Assignment -> Transcribe the records verbatim, images excluded.

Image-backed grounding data
____________________
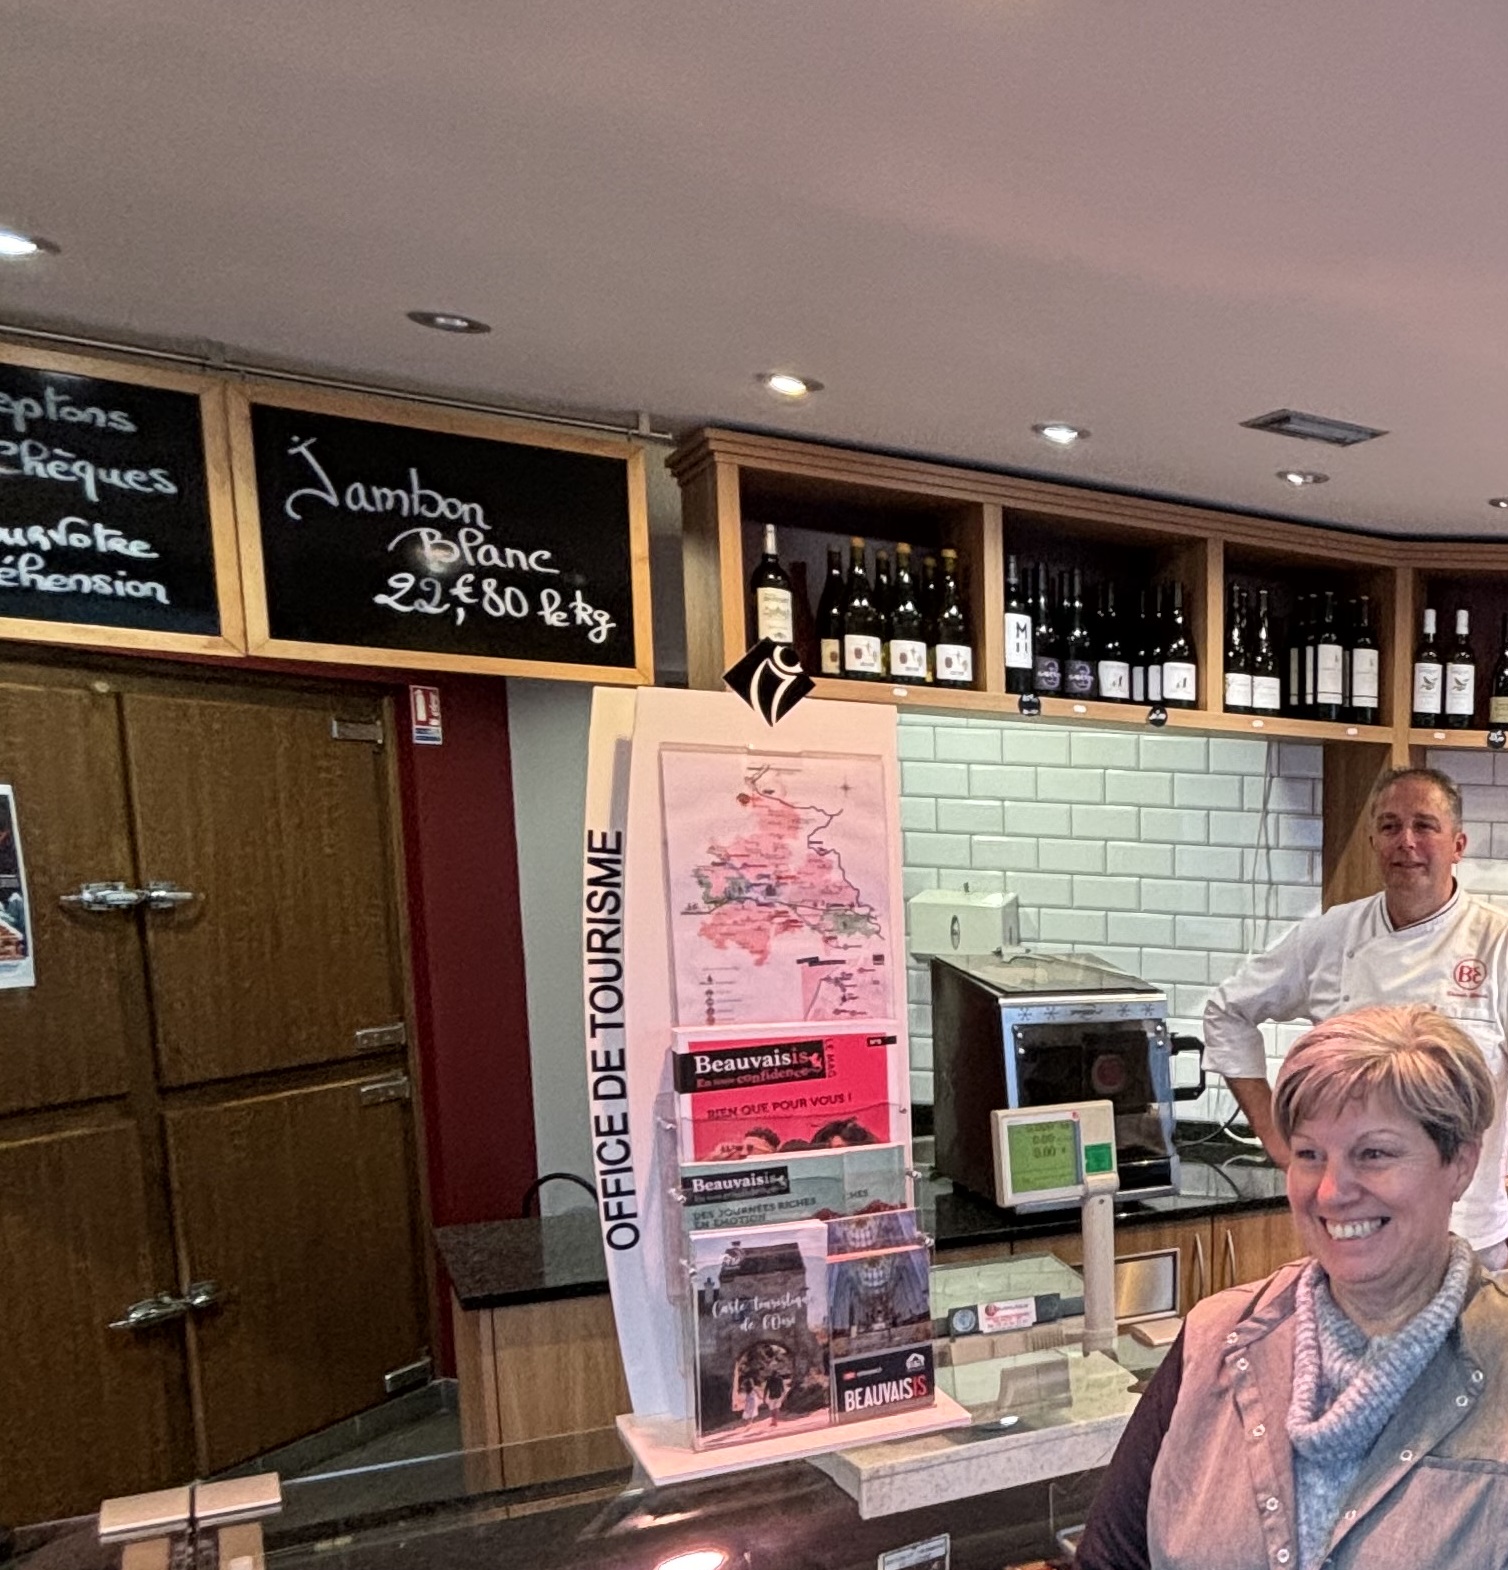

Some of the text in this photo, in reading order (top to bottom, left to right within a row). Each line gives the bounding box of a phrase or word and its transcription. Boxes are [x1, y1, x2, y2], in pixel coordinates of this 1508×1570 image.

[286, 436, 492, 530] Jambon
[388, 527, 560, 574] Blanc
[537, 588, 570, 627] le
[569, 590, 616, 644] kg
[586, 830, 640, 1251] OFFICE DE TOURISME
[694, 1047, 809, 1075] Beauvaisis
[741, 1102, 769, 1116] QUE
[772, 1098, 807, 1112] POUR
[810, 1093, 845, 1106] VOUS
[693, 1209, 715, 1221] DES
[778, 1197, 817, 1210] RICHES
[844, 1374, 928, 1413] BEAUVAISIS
____________________
Reply to the exercise ->
Some of the text in this photo, in reading order (top to bottom, left to right within a row). Each line gives the bounding box of a phrase or word and its transcription. Boxes are [x1, y1, x2, y2], in pixel coordinates of this 1508×1570 image.

[286, 436, 492, 530] Jambon
[388, 527, 560, 574] Blanc
[537, 588, 570, 627] le
[569, 590, 616, 644] kg
[586, 830, 640, 1251] OFFICE DE TOURISME
[694, 1047, 809, 1075] Beauvaisis
[741, 1102, 769, 1116] QUE
[772, 1098, 807, 1112] POUR
[810, 1093, 845, 1106] VOUS
[693, 1209, 715, 1221] DES
[778, 1197, 817, 1210] RICHES
[844, 1374, 928, 1413] BEAUVAISIS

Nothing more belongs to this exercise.